Zurück.


Zurück in der Schule

„Du kommst nun schon zum dritten Mal aus dem schönen, sauberen, sicheren Deutschland nach Indien - hast du nicht genug von Menschenmengen, Stromausfällen, Luftverschmutzung? Was bewegt dich, trotzdem herzukommen?“ Nicht ganz zu Unrecht haben mir viele Freunde und Bekannte diese Frage gestellt, eine Frage, mit der ich mich vorher nicht auseinandergesetzt hatte und die mich daher meistens stotternd und nach Argumenten suchend zurückließ.

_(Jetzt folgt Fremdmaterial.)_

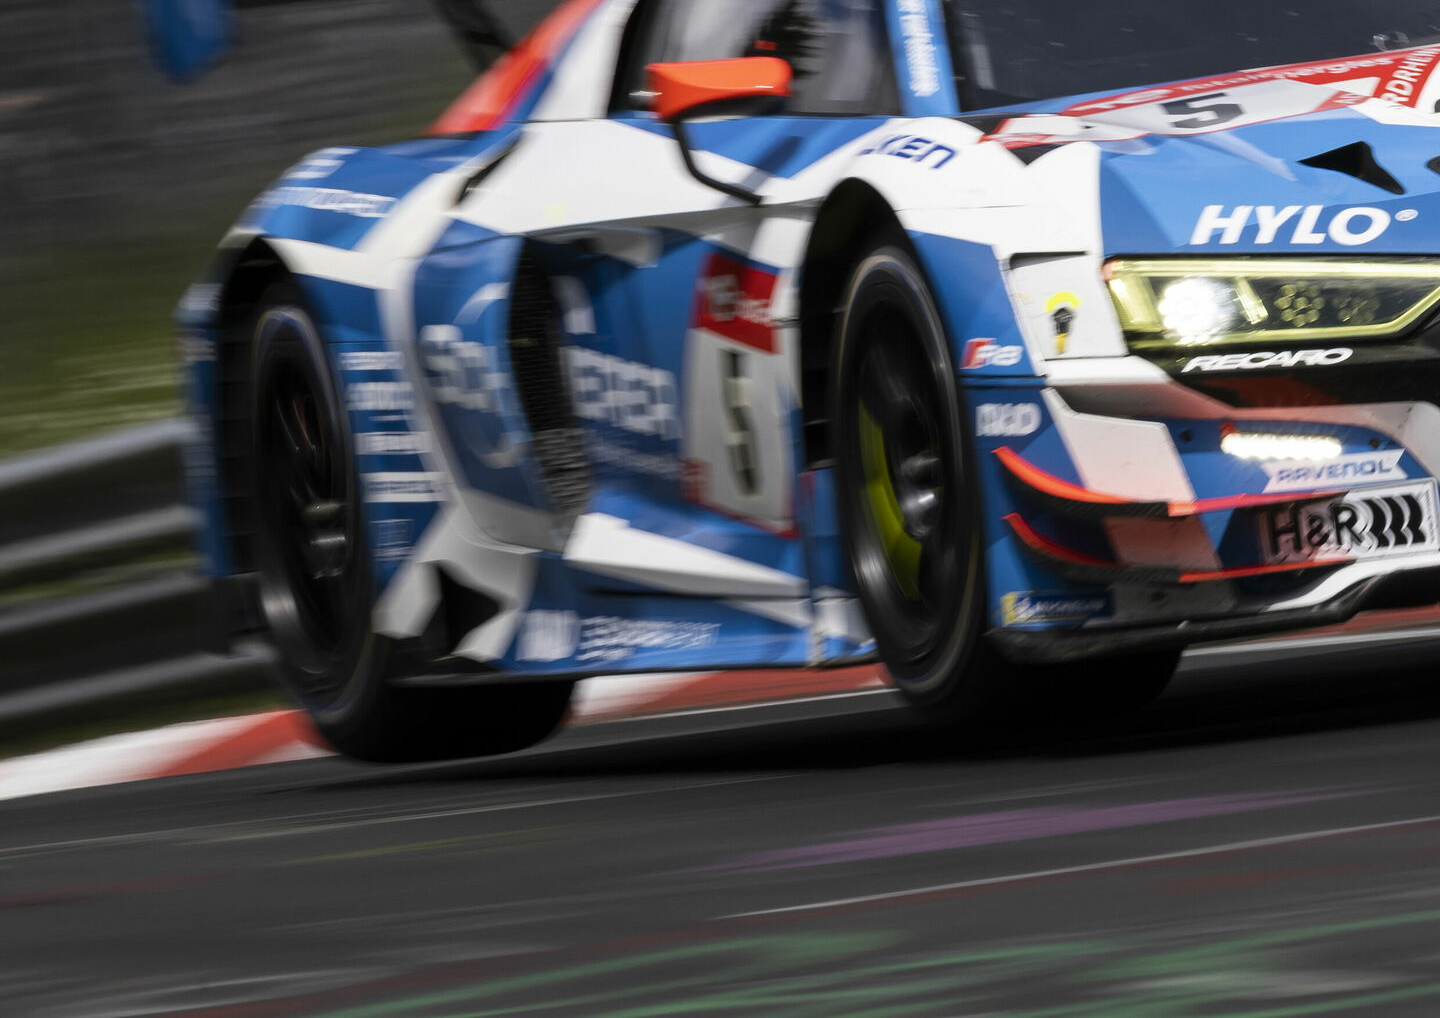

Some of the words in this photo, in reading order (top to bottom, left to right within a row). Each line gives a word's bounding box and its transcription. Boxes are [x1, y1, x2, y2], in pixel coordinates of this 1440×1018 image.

Rein objektiv hat die Frage, so witzig wie sie zumeist vordergründig gemeint war, eine inhaltliche Grundlage: Das Leben in Indien ist nicht einfach, und zwar für in Indien lebende Inder umso weniger als für mich, der ich als Ausländer und Tourist immer nur einen Ausschnitt betrachten kann.

Indiens Schwierigkeiten

Die ganze Bandbreite an alltäglichen Problemen kenne ich so entweder gar nicht oder höchstens nur vom Hörensagen, und daher verzichte ich auf detaillierte Beschreibungen. Zu nennen sind die alltägliche Korruption, staatliche Willkür, die Lage der Umwelt, insbesondere von Wasser und Luft, und deren Auswirkungen auf die Gesundheit, die soziale Ungleichheit, das unzureichend oder nur für privilegierte Teile der Bevölkerung ausgebaute Bildungs- und Gesundheitssystem, fehlende individuelle Freiheit sowie tiefliegende religiöse und soziale Spannungen.
Durchaus fallen einige der genannten Punkte auch bei einem Urlaub in Indien auf, lassen sich jedoch einfach verdrängen oder als temporäre Ungemütlichkeit hinnehmen.
Indien ist ein Land mit vielen Problemen, Problemen, die man auch mit viel Geld oder Geduld nur schwer umgehen kann. Warum also bin ich im März für einen Monat zurückgekommen, warum lässt mich Indien nicht los?
Mit Chrissy und Steffi an der Jama Masjid,
 der größten Moschee Indiens
An erster Stelle fallen mir oberflächliche Gründe ein: Ich liebe die indische Küche, bin Fan von Bollywoodfilmen (wobei, da gibt es sehr viele Ausnahmen) und fasziniert von den architektonischen Meisterleistungen der Moguln und Maharajas. Indiens Geschichte ist eine Achterbahnfahrt durch die Zeit, in der ich mich gerne verliere. Doch all das sind nur oberflächliche Gründe. Bollywoodsche Klischeeromantik kann ich auf meinem Laptop, Chicken Tikka Masala beim Imbiss von neben an und das Taj Mahal in einem Fotoalbum genießen.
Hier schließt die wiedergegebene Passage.